Джанга Дин?Анцелотис нахмурился. Кто или что такое этот Джанга Дин? И с какой это стати ты называешь меня так?
Стирлинг прикусил язык, но было уже поздно: пришлось рассказывать про героя Киплинга.
Ну, понимаешь, Джанга Дин был бой… ну, не мальчик, а так просто звали всех, кто разносил воду на поле битвы, поил раненых… Боюсь, не самое удачное имя для взрослого мужчины, но он родился слугой в Индии. Только две вещи позволяли такому человеку заработать уважение британских солдат, что приехали в Индию сражаться за Империю…

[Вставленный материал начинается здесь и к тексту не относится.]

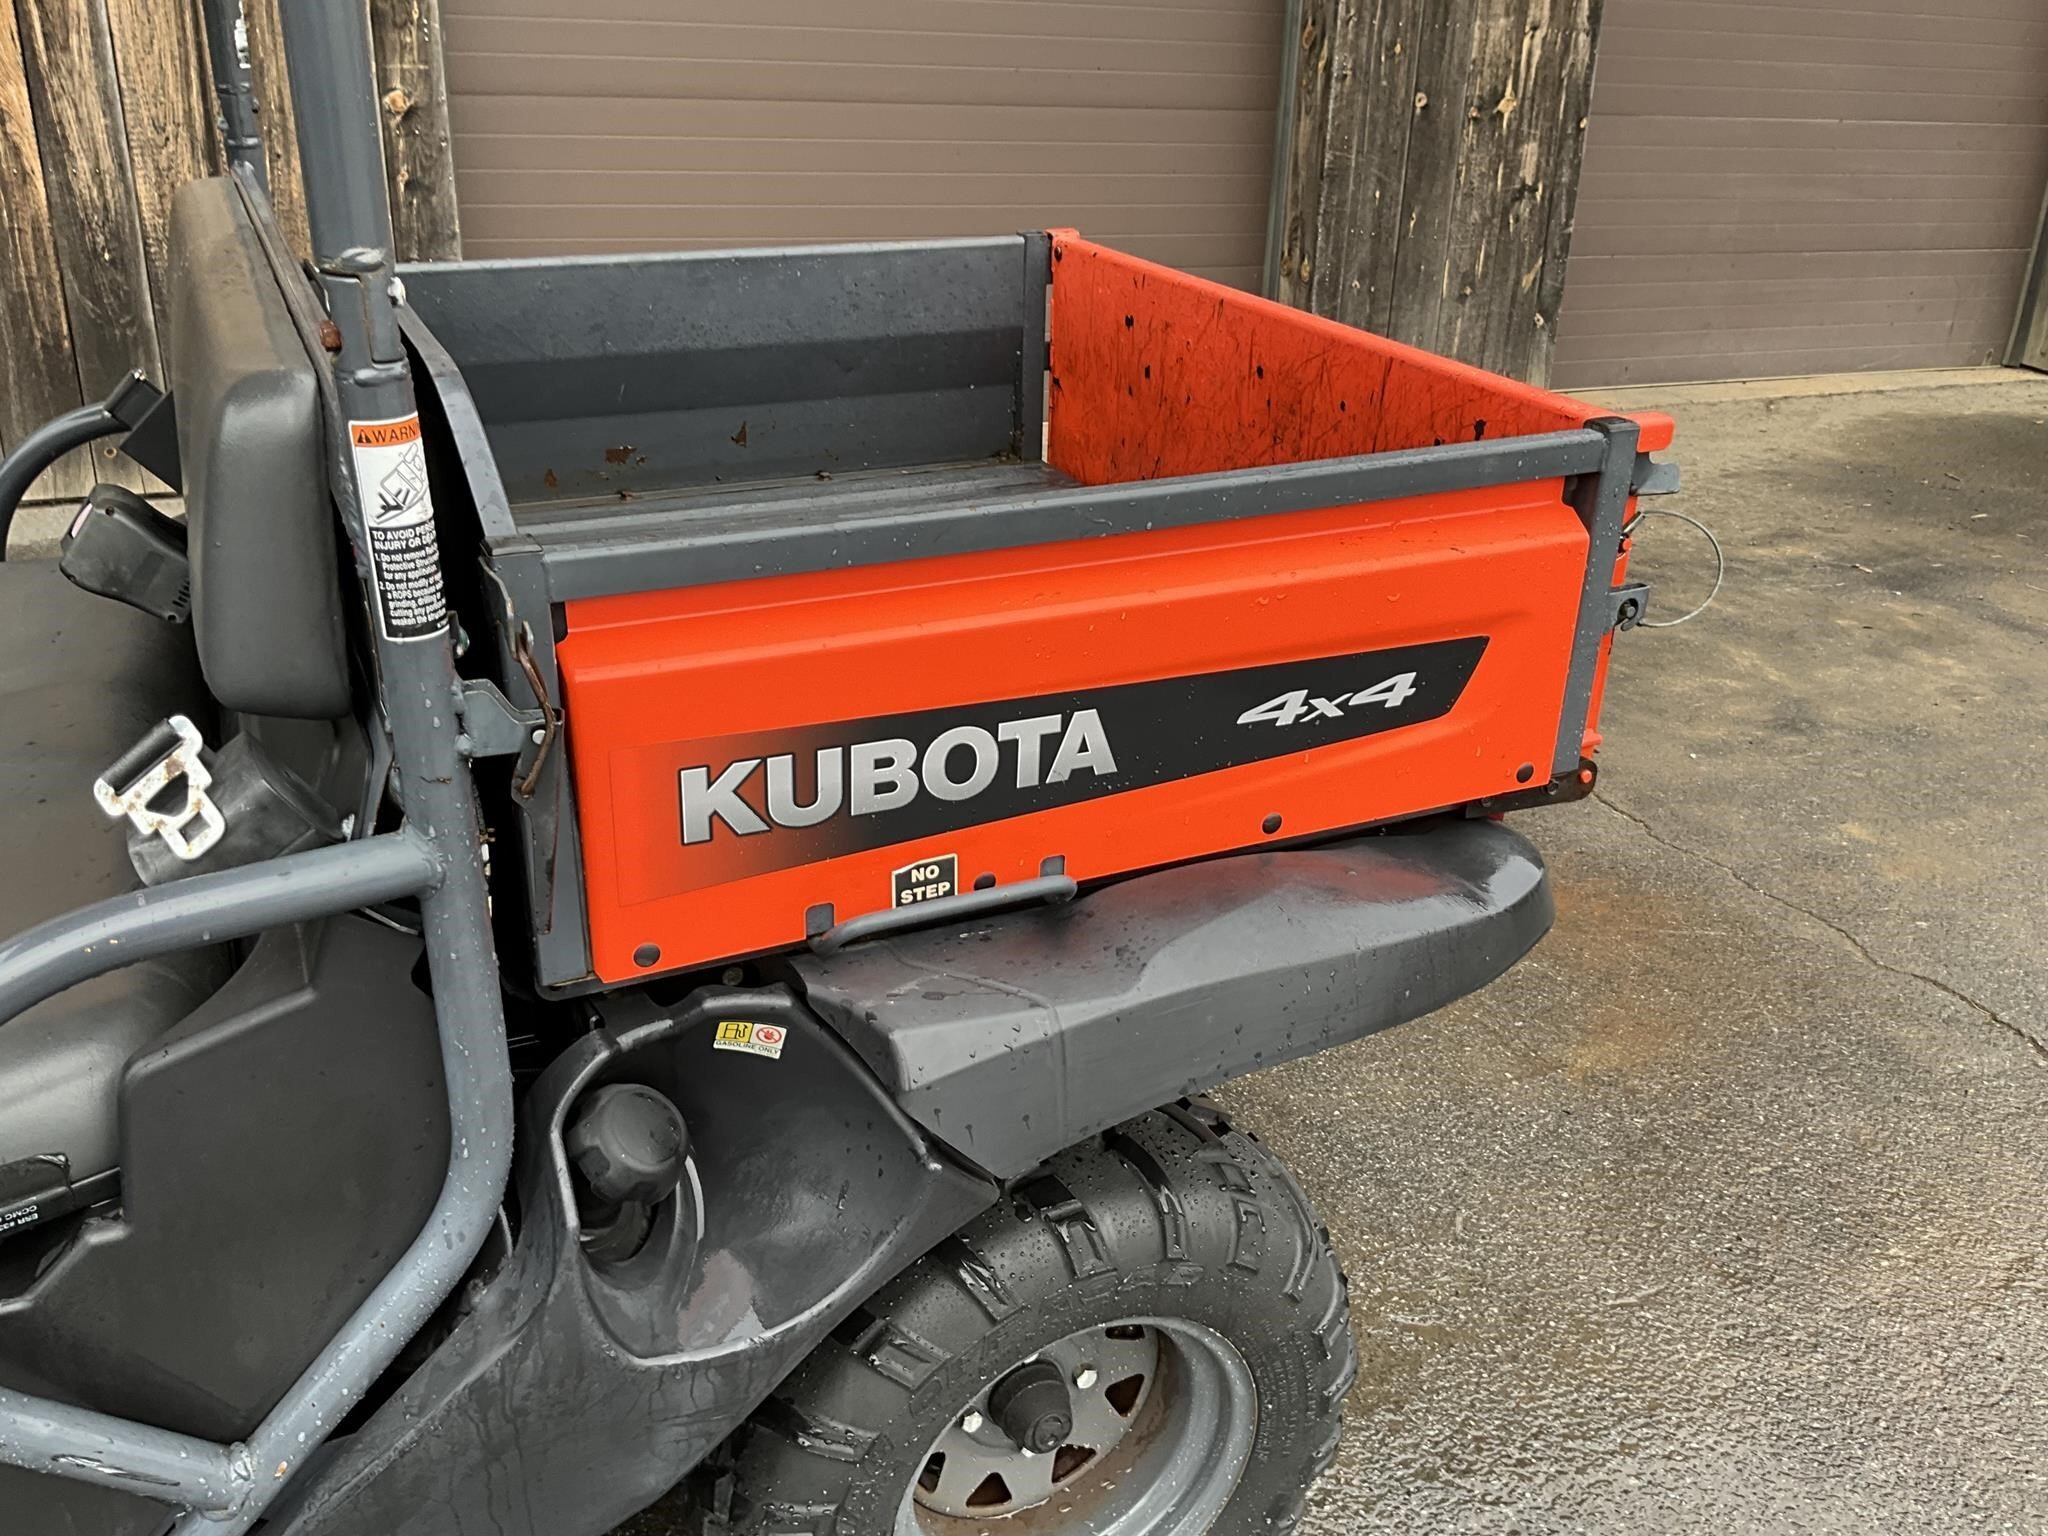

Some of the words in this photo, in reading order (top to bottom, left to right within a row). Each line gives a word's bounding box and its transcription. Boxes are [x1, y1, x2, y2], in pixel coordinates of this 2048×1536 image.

[371, 530, 385, 541] TO
[386, 528, 415, 541] AVOID
[374, 540, 407, 550] INJURY
[408, 537, 421, 548] OR
[392, 589, 413, 600] ROPS
[680, 708, 1119, 846] KUBOTA
[1236, 671, 1418, 728] 4x4
[911, 864, 940, 883] NO
[900, 880, 951, 904] STEP
[715, 1040, 756, 1050] GASOLINE
[758, 1046, 779, 1055] ONLY
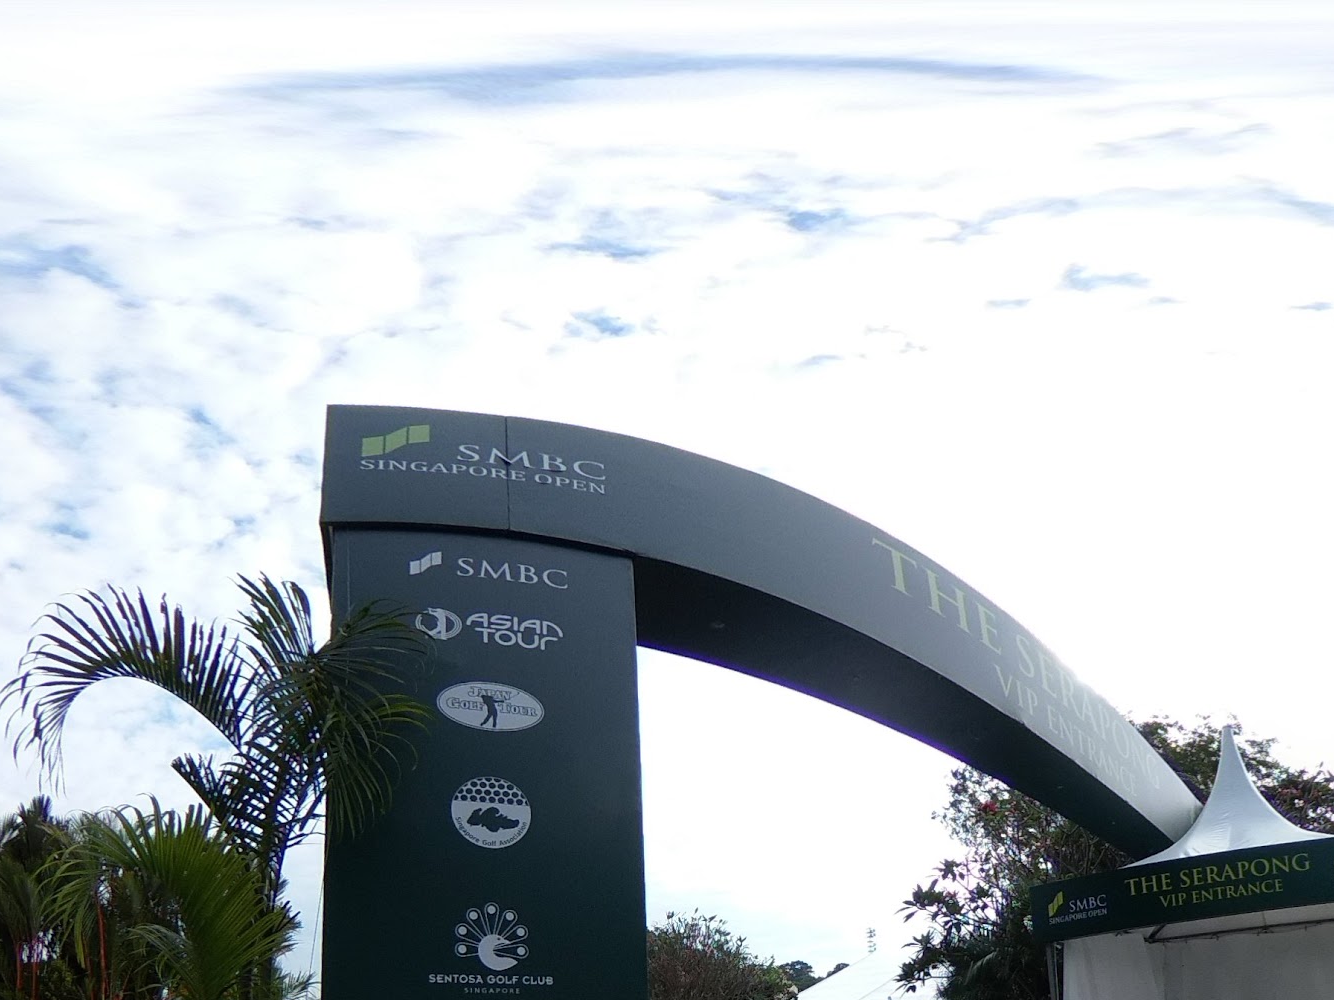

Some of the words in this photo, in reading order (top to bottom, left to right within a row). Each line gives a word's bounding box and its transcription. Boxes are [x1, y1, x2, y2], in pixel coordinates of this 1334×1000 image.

[360, 459, 526, 482] SINGAPORE
[535, 473, 606, 495] OPEN
[457, 444, 607, 481] SMBC
[457, 558, 568, 589] SMBC
[466, 612, 564, 638] ASIAN
[474, 627, 558, 650] TOUR
[872, 537, 1001, 655] THE
[1016, 634, 1160, 789] SERAPONG
[994, 664, 1038, 715] VIP
[1047, 705, 1138, 797] ENTRANCE
[455, 816, 480, 844] Singapore
[482, 839, 496, 847] Golf
[499, 821, 528, 847] Association
[1124, 873, 1173, 896] THE
[1179, 853, 1311, 888] SERAPONG
[1069, 894, 1107, 912] SMBC
[1159, 892, 1187, 908] VIP
[1192, 879, 1283, 903] ENTRANCE
[1049, 912, 1087, 925] SINGAPORE
[1088, 908, 1107, 917] OPEN
[428, 973, 484, 984] SENTOSA
[487, 975, 519, 985] GOLF
[522, 976, 554, 985] CLUB

Британские солдаты,возбужденно перебил его Анцелотис, сражающиеся в Индии? За Империю, не уступающую Римской? У Эмриса Мёрддина есть кусок настоящей слоновой кости из Индии – он говорит, он украл его еще когда был рабом в Константинополе. Торговцы до сих бороздят пути, ведущие из города на Босфоре, из сказочного царства восточных пряностей и загадочных, прячущих лицо под вуалью женщин. Однако же, насколько мне известно, ни один бритт еще не побывал там. А этот твой Киплинг – он, значит, тоже там воевал?
Стирлинг лихорадочно пытался припомнить биографию Киплинга.

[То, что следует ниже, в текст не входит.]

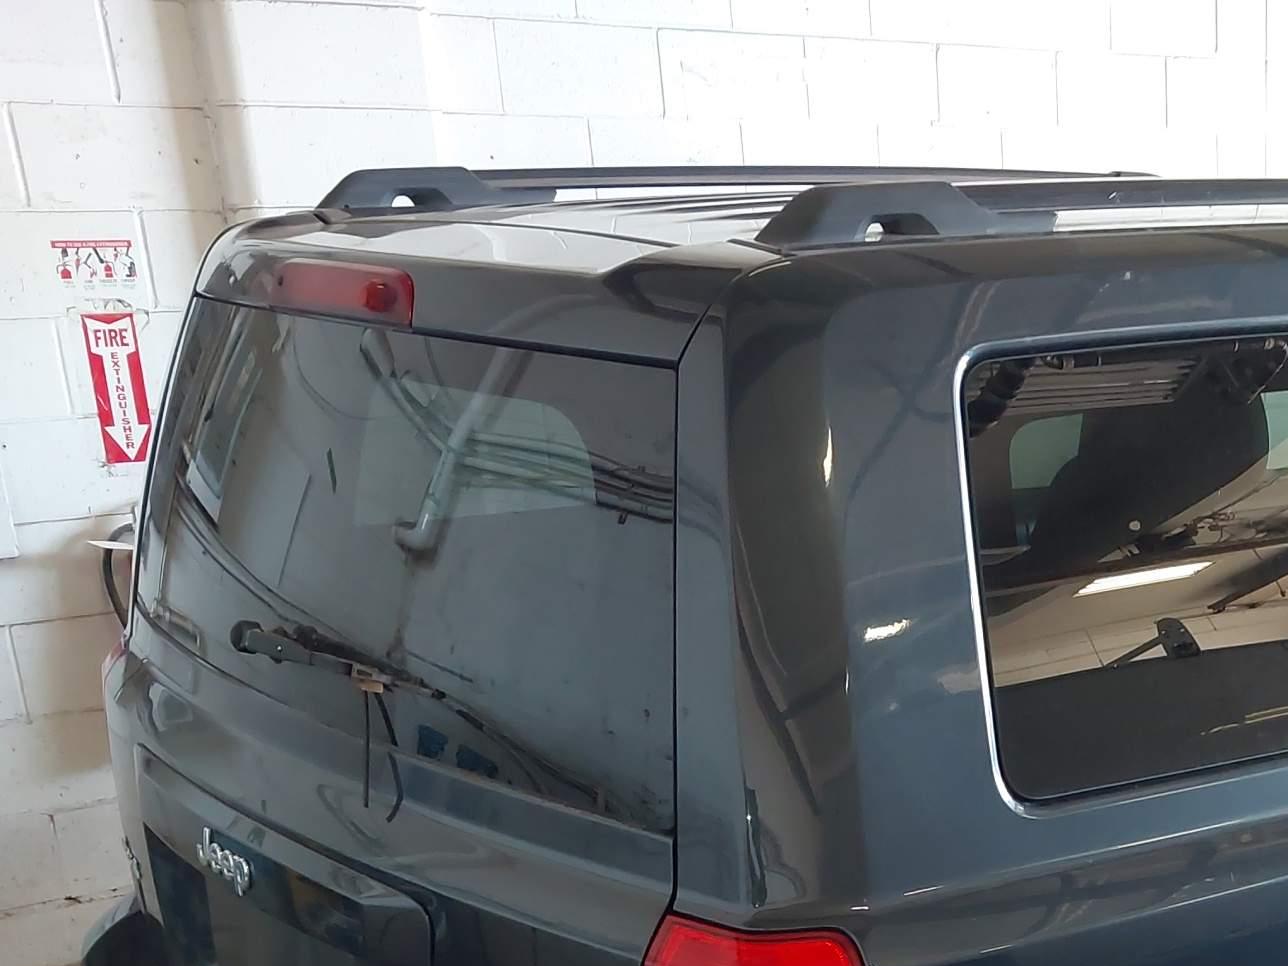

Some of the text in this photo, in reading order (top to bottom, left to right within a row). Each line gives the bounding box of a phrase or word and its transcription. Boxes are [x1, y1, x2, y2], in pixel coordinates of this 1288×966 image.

Ну, не то чтобы воевал… Но можно сказать и так. Я плохо помню, что он там делал, хотя и должен бы. Главное, на мой взгляд, он лучший из всех британских поэтов. Чемпион. Никто лучше него не понимал ни людей, ни военных…
Чемпион?Анцелотис снова перебил его, на этот раз еще более возбужденно. А что? Отличная идея – провозгласить поэта чемпионом Британии…
Стирлинг мысленно наградил себя оплеухой и строго напомнил себе, что не имеет права менять в истории ничего более-менее серьезного. Ну, может, и не слишком страшно, если бритты назовут поэта лучшим из лучших за тысячу с лишним лет до его рождения, а? Впрочем, прежде чем Анцелотис успел поинтересоваться, что же именно случилось с Джанга Дином (а Стирлингу, надо признаться, не очень хотелось рассказывать историю, выставлявшую британцев далеко не в самом выгодном свете), в их беззвучный разговор вмешался Эмрис Мёрддин.
– Кута, – поведал бывший византийский раб, наклонившись в седле, чтобы перекричать шум толпы, – провел неделю в беспробудном пьянстве, что мы только поощряли, снабжая его вином, пивом и медами. Это даст тебе некоторое преимущество: уж мы сделали все, чтобы вчера вечером саксы легли как можно позже. – Мёрддин хитро подмигнул с видом заговорщика. – Собственно говоря, они вчера уже отмечали победу Куты. Упились вусмерть, поднимая тосты за каждый из ударов, что он собирается нанести тебе. Когда мы будили их с петухами, никто из них и стоять-то толком не мог, не то чтобы драться всерьез.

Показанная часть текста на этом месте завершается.